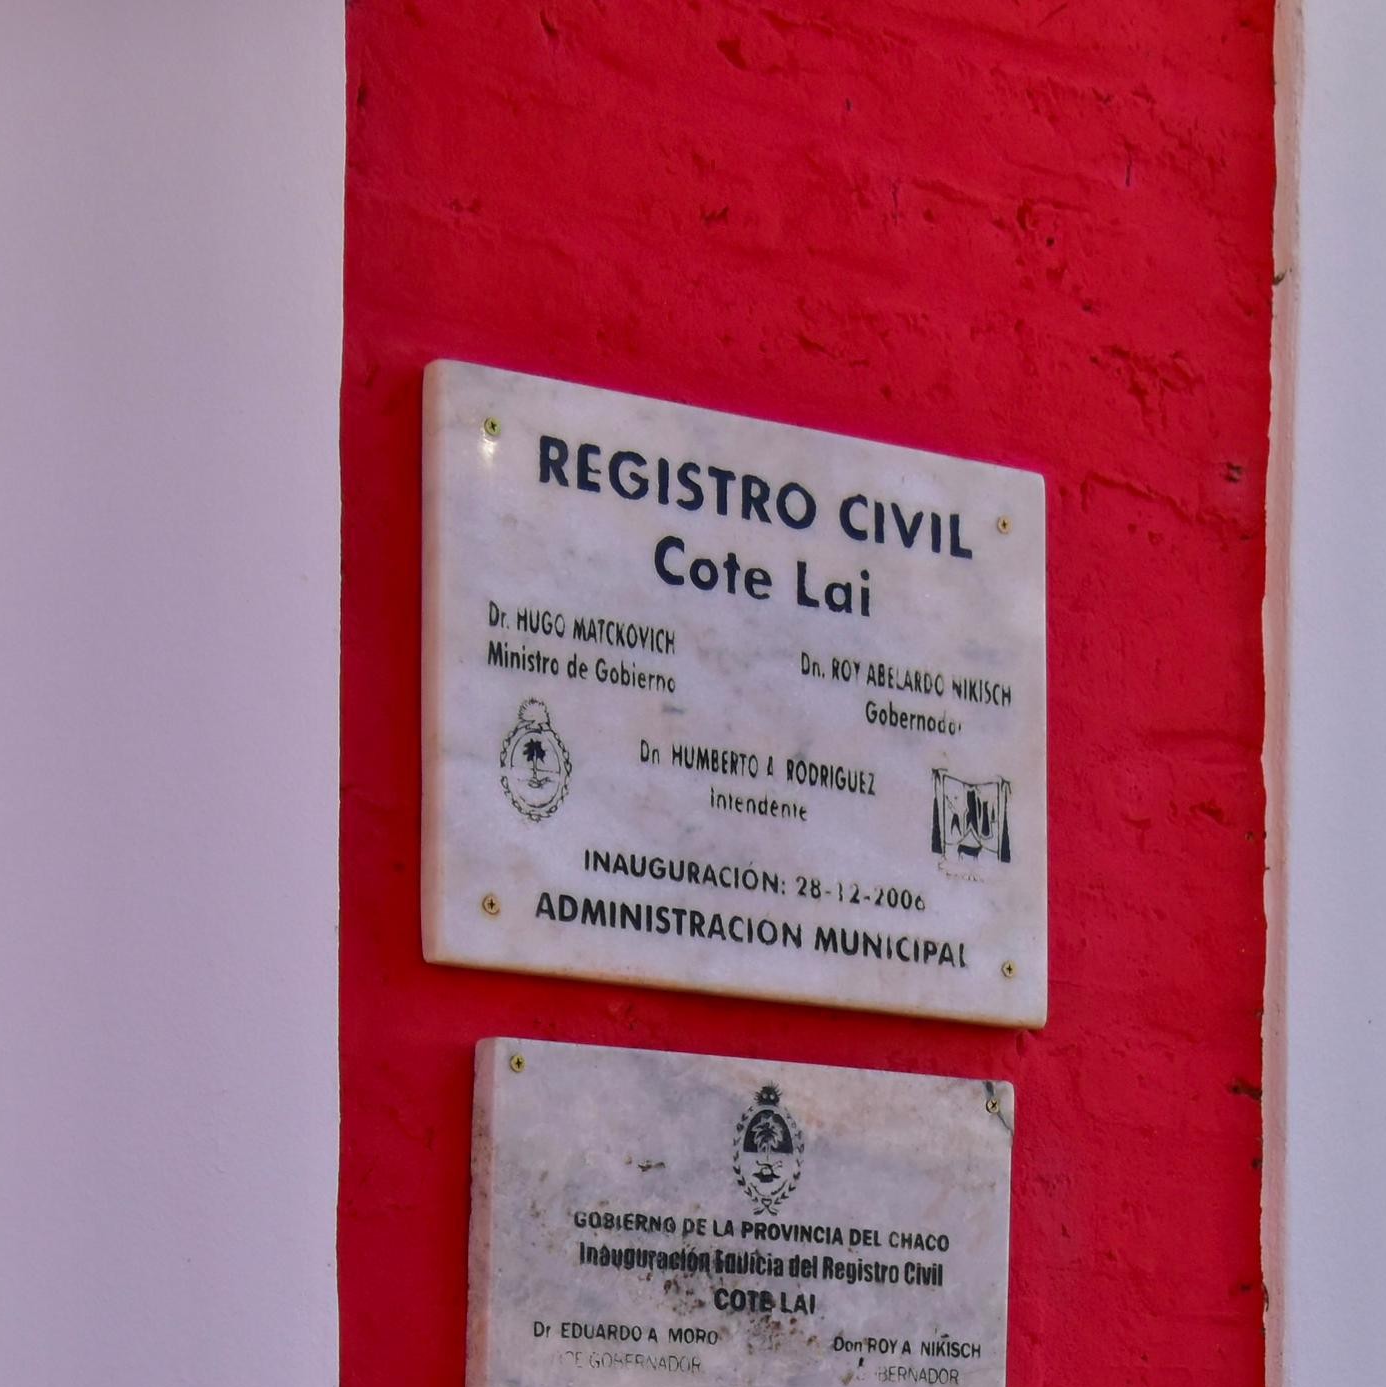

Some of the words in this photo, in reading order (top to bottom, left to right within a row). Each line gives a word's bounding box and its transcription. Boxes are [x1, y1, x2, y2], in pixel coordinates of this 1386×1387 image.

[539, 434, 817, 530] REGISTRO
[839, 494, 973, 560] CIVIL
[654, 535, 773, 600] Cote
[796, 560, 871, 617] Lai
[488, 600, 509, 629] Dr.
[517, 607, 565, 638] HUGO
[573, 617, 675, 654] MATCKOVICH
[487, 640, 559, 676] Ministro
[567, 653, 588, 679] de
[595, 658, 676, 693] Gobierno
[801, 651, 825, 679] Dn.
[831, 656, 861, 686] ROY
[866, 663, 945, 697] ABELARDO
[951, 675, 1012, 707] NIKISCH
[671, 743, 758, 778] HUMBERTO
[786, 759, 876, 796] RODRIGUEZ
[583, 848, 786, 895] INAUGURACIÓN:
[795, 875, 926, 912] 28-12-2006
[814, 926, 969, 969] MUNICIPAL
[573, 1210, 677, 1234] GOBIERNO
[682, 1217, 707, 1237] DE
[713, 1219, 734, 1238] LA
[741, 1222, 843, 1247] PROVINCIA
[849, 1228, 882, 1249] DEL
[888, 1231, 950, 1252] CHACO
[579, 1241, 711, 1274] Inauguración
[789, 1253, 818, 1280] del
[822, 1257, 900, 1286] Registro
[904, 1261, 944, 1287] Civil
[780, 1293, 816, 1315] LAI
[561, 1322, 642, 1342] EDUARDO
[668, 1327, 719, 1345] MORO
[832, 1336, 863, 1352] Don
[867, 1337, 898, 1354] ROY
[901, 1340, 911, 1355] A
[920, 1340, 981, 1358] NIKISCH
[859, 1364, 960, 1385] BERNADOR
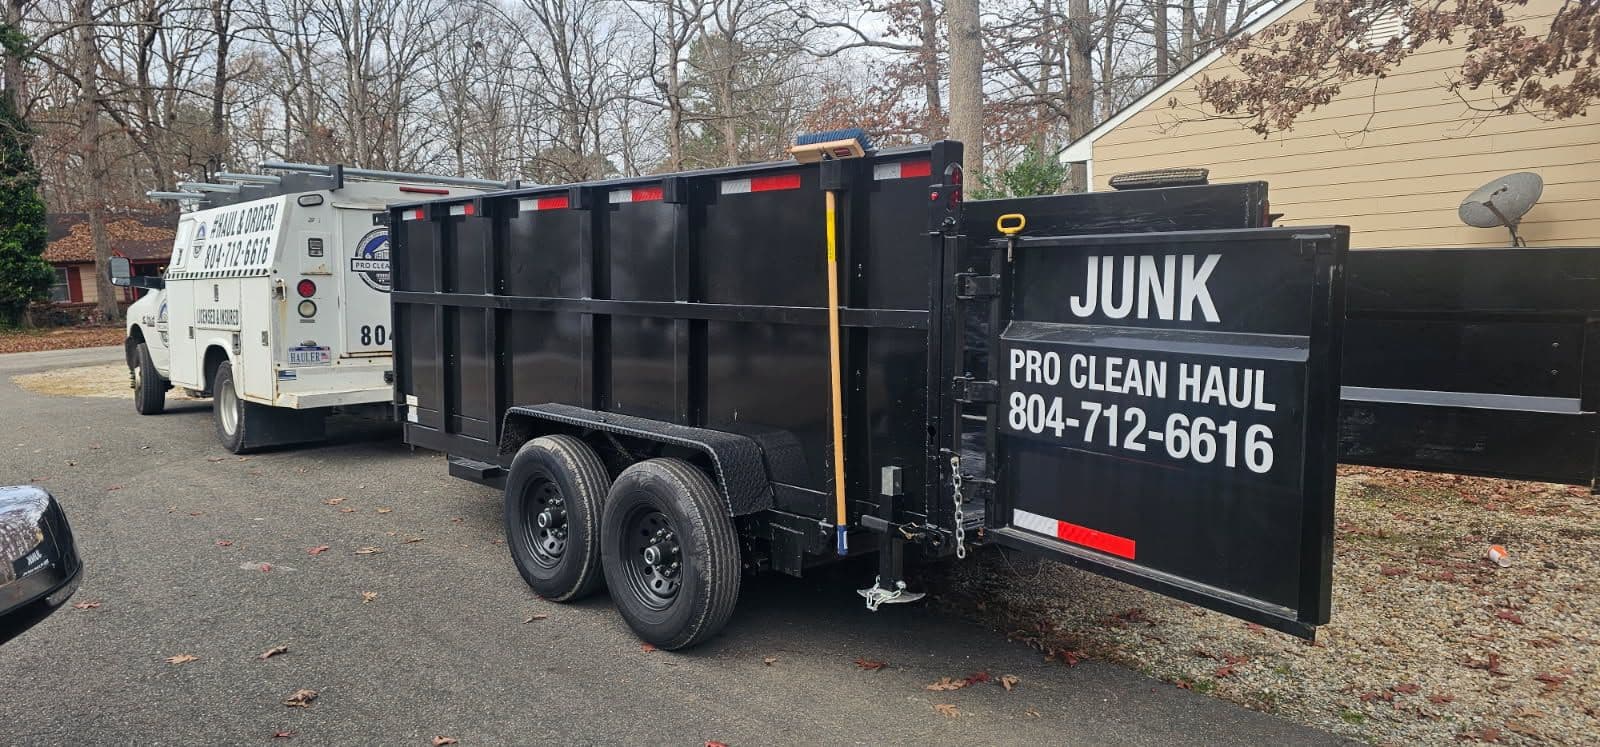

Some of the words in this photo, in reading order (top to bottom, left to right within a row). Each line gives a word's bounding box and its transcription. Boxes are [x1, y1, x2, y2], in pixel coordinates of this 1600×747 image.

[209, 210, 238, 239] #HAUL
[237, 208, 246, 235] &
[244, 202, 279, 234] ORDER!
[204, 236, 271, 269] 804-712-6616
[1069, 254, 1222, 323] JUNK
[196, 308, 216, 325] LICENSED
[220, 308, 239, 326] INSURED
[290, 351, 321, 363] HAULER
[1009, 349, 1061, 386] PRO
[1069, 353, 1167, 399] CLEAN
[1178, 363, 1276, 412] HAUL
[1008, 391, 1275, 474] 804-712-6616

^^^^^^^^

◆ EXERCISE OBJECTIVE
Set down the data above exactly as written. Omit the pictures.

◆ TASK RESPONSE
Some of the words in this photo, in reading order (top to bottom, left to right within a row). Each line gives a word's bounding box and its transcription. Boxes are [x1, y1, x2, y2], in pixel coordinates of this 1386×1387 image.

[539, 434, 817, 530] REGISTRO
[839, 494, 973, 560] CIVIL
[654, 535, 773, 600] Cote
[796, 560, 871, 617] Lai
[488, 600, 509, 629] Dr.
[517, 607, 565, 638] HUGO
[573, 617, 675, 654] MATCKOVICH
[487, 640, 559, 676] Ministro
[567, 653, 588, 679] de
[595, 658, 676, 693] Gobierno
[801, 651, 825, 679] Dn.
[831, 656, 861, 686] ROY
[866, 663, 945, 697] ABELARDO
[951, 675, 1012, 707] NIKISCH
[671, 743, 758, 778] HUMBERTO
[786, 759, 876, 796] RODRIGUEZ
[583, 848, 786, 895] INAUGURACIÓN:
[795, 875, 926, 912] 28-12-2006
[814, 926, 969, 969] MUNICIPAL
[573, 1210, 677, 1234] GOBIERNO
[682, 1217, 707, 1237] DE
[713, 1219, 734, 1238] LA
[741, 1222, 843, 1247] PROVINCIA
[849, 1228, 882, 1249] DEL
[888, 1231, 950, 1252] CHACO
[579, 1241, 711, 1274] Inauguración
[789, 1253, 818, 1280] del
[822, 1257, 900, 1286] Registro
[904, 1261, 944, 1287] Civil
[780, 1293, 816, 1315] LAI
[561, 1322, 642, 1342] EDUARDO
[668, 1327, 719, 1345] MORO
[832, 1336, 863, 1352] Don
[867, 1337, 898, 1354] ROY
[901, 1340, 911, 1355] A
[920, 1340, 981, 1358] NIKISCH
[859, 1364, 960, 1385] BERNADOR

Some of the words in this photo, in reading order (top to bottom, left to right within a row). Each line gives a word's bounding box and its transcription. Boxes are [x1, y1, x2, y2], in pixel coordinates of this 1600×747 image.

[209, 210, 238, 239] #HAUL
[237, 208, 246, 235] &
[244, 202, 279, 234] ORDER!
[204, 236, 271, 269] 804-712-6616
[1069, 254, 1222, 323] JUNK
[196, 308, 216, 325] LICENSED
[220, 308, 239, 326] INSURED
[290, 351, 321, 363] HAULER
[1009, 349, 1061, 386] PRO
[1069, 353, 1167, 399] CLEAN
[1178, 363, 1276, 412] HAUL
[1008, 391, 1275, 474] 804-712-6616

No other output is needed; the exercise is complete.